How to complete this task:
Give back every line of the data exactly. Pictures are not part of the copy.
#### Provided data
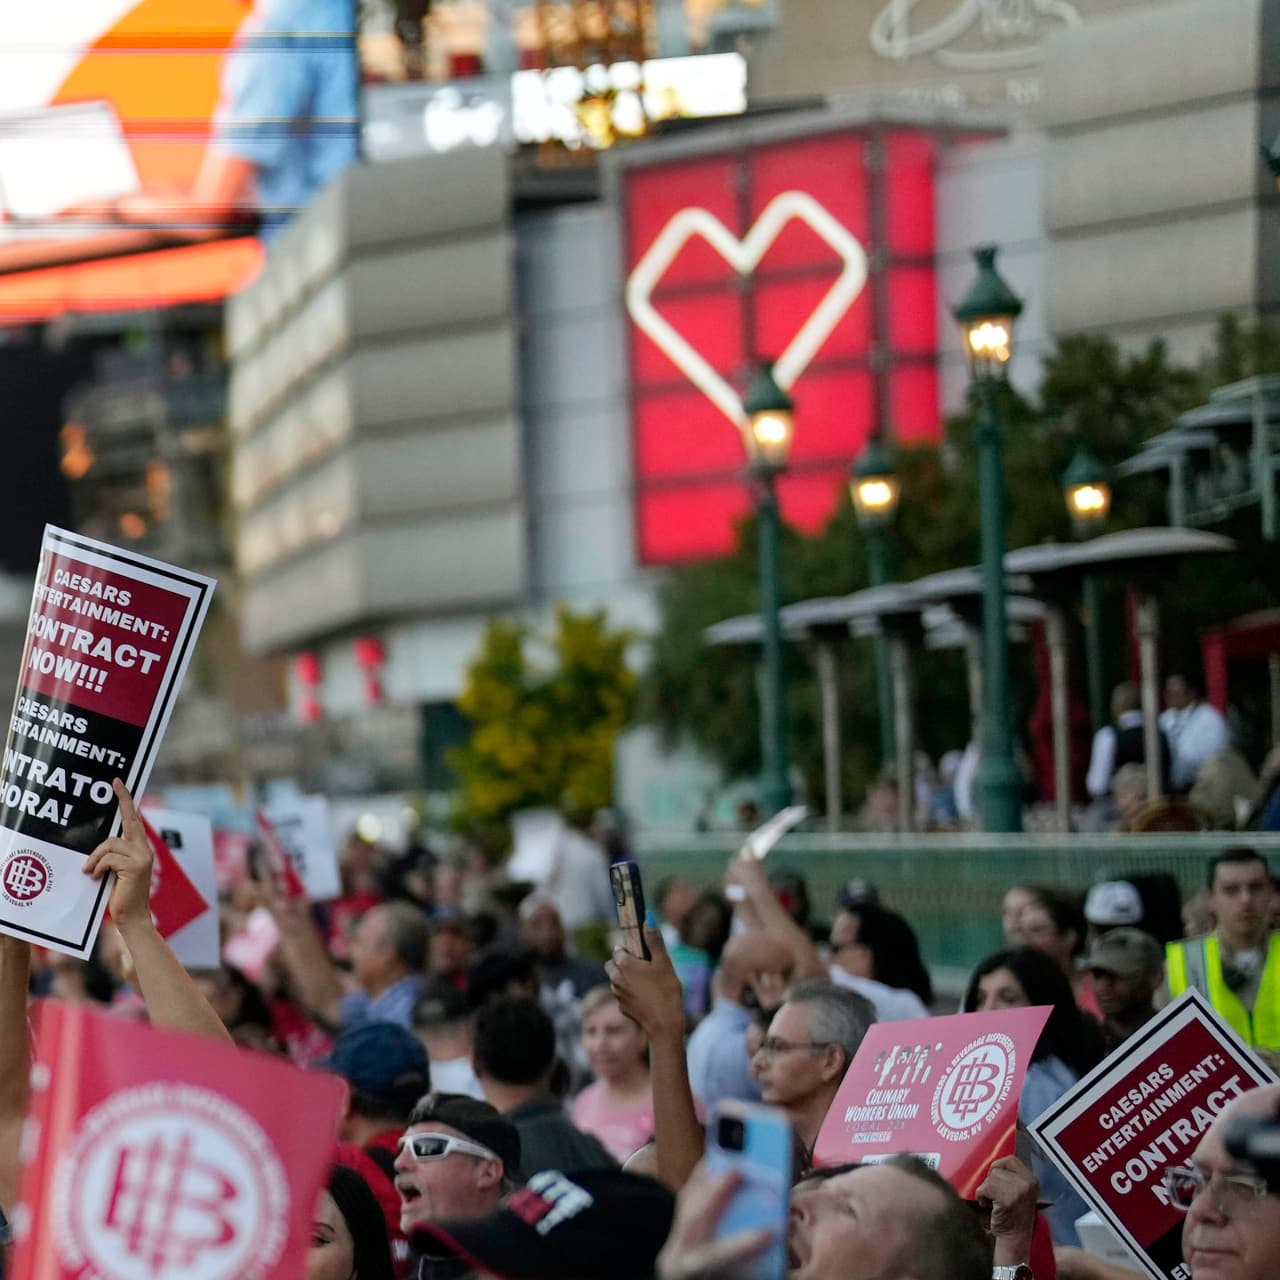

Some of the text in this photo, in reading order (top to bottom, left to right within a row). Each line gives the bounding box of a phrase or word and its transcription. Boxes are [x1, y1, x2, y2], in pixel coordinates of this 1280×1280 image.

[54, 568, 132, 607] CAESARS
[30, 611, 161, 675] CONTRACT
[29, 646, 109, 693] NOW!!!
[18, 696, 89, 734] CAESARS
[12, 714, 126, 769] ERTAINMENT:
[4, 748, 115, 805] NTRATO
[0, 779, 73, 826] HORA!
[844, 1102, 920, 1122] WORKERS UNION
[865, 1087, 911, 1106] CULINARY
[1081, 1053, 1226, 1174] ENTERTAINMENT:
[1098, 1063, 1175, 1130] CAESARS
[1110, 1074, 1244, 1195] CONTRACT
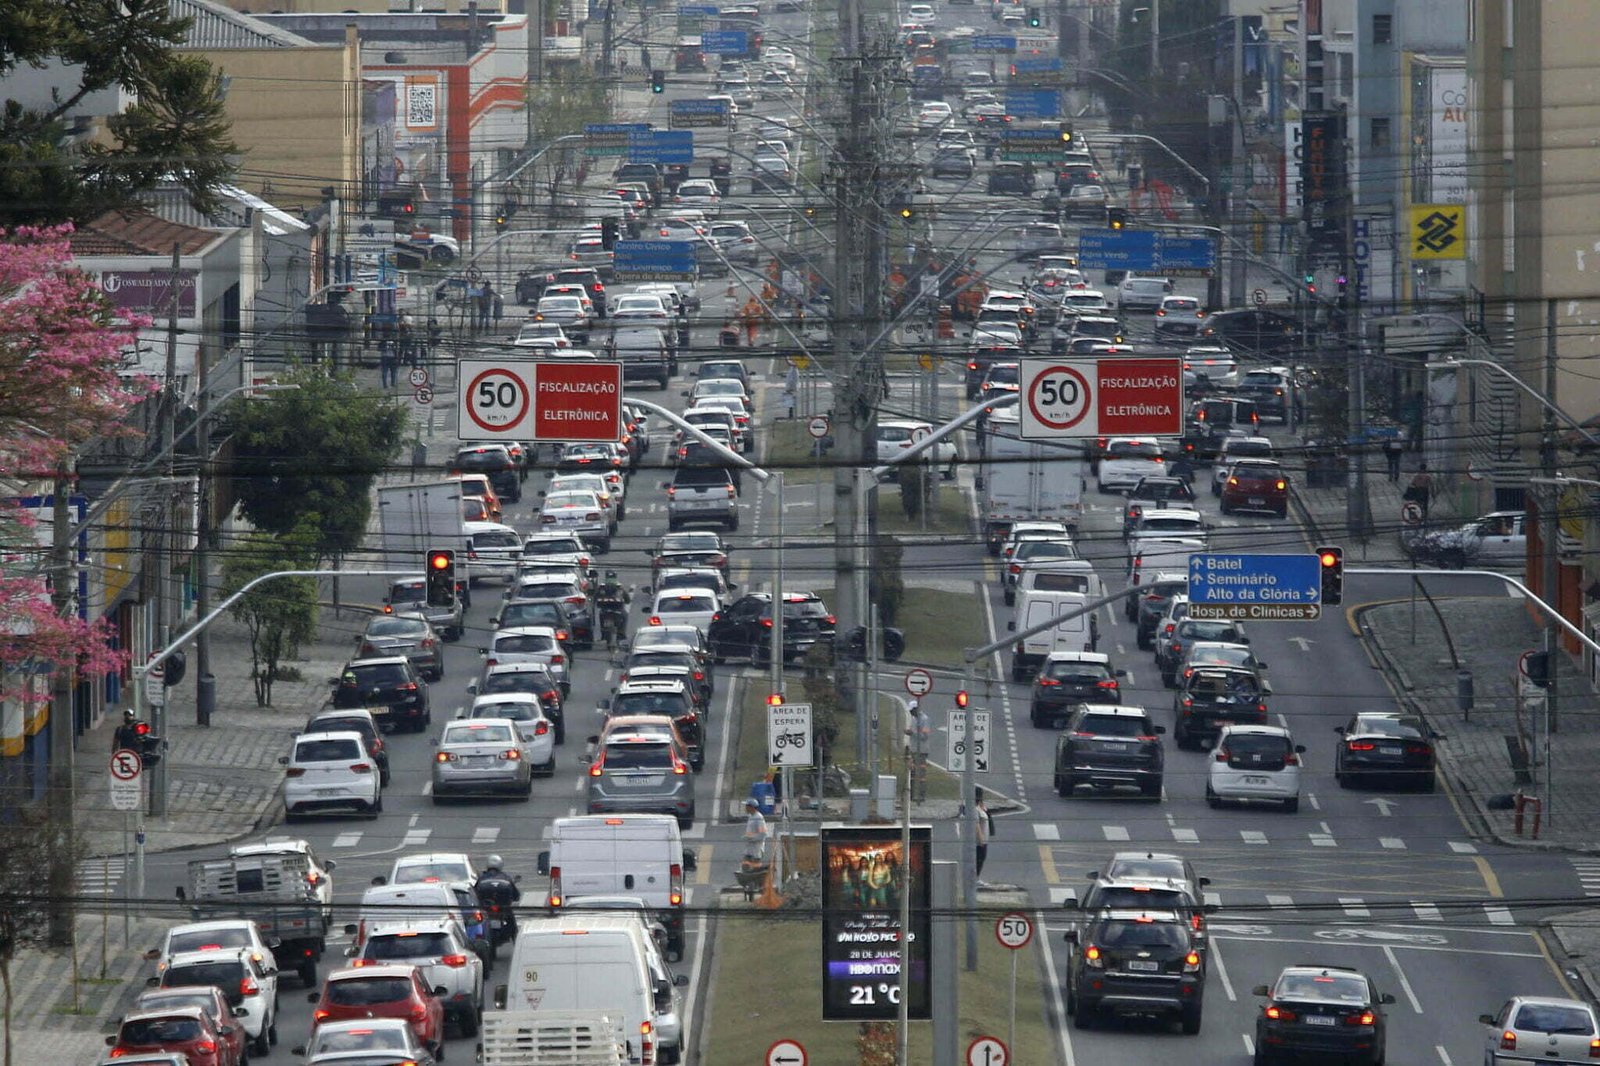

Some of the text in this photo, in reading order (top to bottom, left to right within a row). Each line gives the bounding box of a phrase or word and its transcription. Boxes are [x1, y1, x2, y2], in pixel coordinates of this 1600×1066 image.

[539, 381, 616, 395] FISCALIZAÇÃO
[1100, 376, 1177, 389] FISCALIZAÇÃO
[479, 382, 517, 409] 50
[1042, 379, 1079, 406] 50
[544, 408, 609, 421] ELETRÔNICA
[1106, 403, 1172, 416] ELETRÔNICA
[1206, 558, 1242, 570] Batel
[1206, 573, 1277, 585] Seminário
[1206, 587, 1301, 600] Alto da Glória
[796, 706, 808, 715] DE
[774, 718, 806, 726] ESPERA
[1002, 920, 1027, 937] 50
[853, 931, 879, 942] NOVO
[862, 951, 873, 959] DE
[526, 971, 538, 983] 90
[850, 985, 876, 1005] 21
########
Result of the exercise:
Some of the text in this photo, in reading order (top to bottom, left to right within a row). Each line gives the bounding box of a phrase or word and its transcription. Boxes are [x1, y1, x2, y2], in pixel coordinates of this 1280×1280 image.

[54, 568, 132, 607] CAESARS
[30, 611, 161, 675] CONTRACT
[29, 646, 109, 693] NOW!!!
[18, 696, 89, 734] CAESARS
[12, 714, 126, 769] ERTAINMENT:
[4, 748, 115, 805] NTRATO
[0, 779, 73, 826] HORA!
[844, 1102, 920, 1122] WORKERS UNION
[865, 1087, 911, 1106] CULINARY
[1081, 1053, 1226, 1174] ENTERTAINMENT:
[1098, 1063, 1175, 1130] CAESARS
[1110, 1074, 1244, 1195] CONTRACT

Some of the text in this photo, in reading order (top to bottom, left to right within a row). Each line gives the bounding box of a phrase or word and its transcription. Boxes are [x1, y1, x2, y2], in pixel coordinates of this 1600×1066 image.

[539, 381, 616, 395] FISCALIZAÇÃO
[1100, 376, 1177, 389] FISCALIZAÇÃO
[479, 382, 517, 409] 50
[1042, 379, 1079, 406] 50
[544, 408, 609, 421] ELETRÔNICA
[1106, 403, 1172, 416] ELETRÔNICA
[1206, 558, 1242, 570] Batel
[1206, 573, 1277, 585] Seminário
[1206, 587, 1301, 600] Alto da Glória
[796, 706, 808, 715] DE
[774, 718, 806, 726] ESPERA
[1002, 920, 1027, 937] 50
[853, 931, 879, 942] NOVO
[862, 951, 873, 959] DE
[526, 971, 538, 983] 90
[850, 985, 876, 1005] 21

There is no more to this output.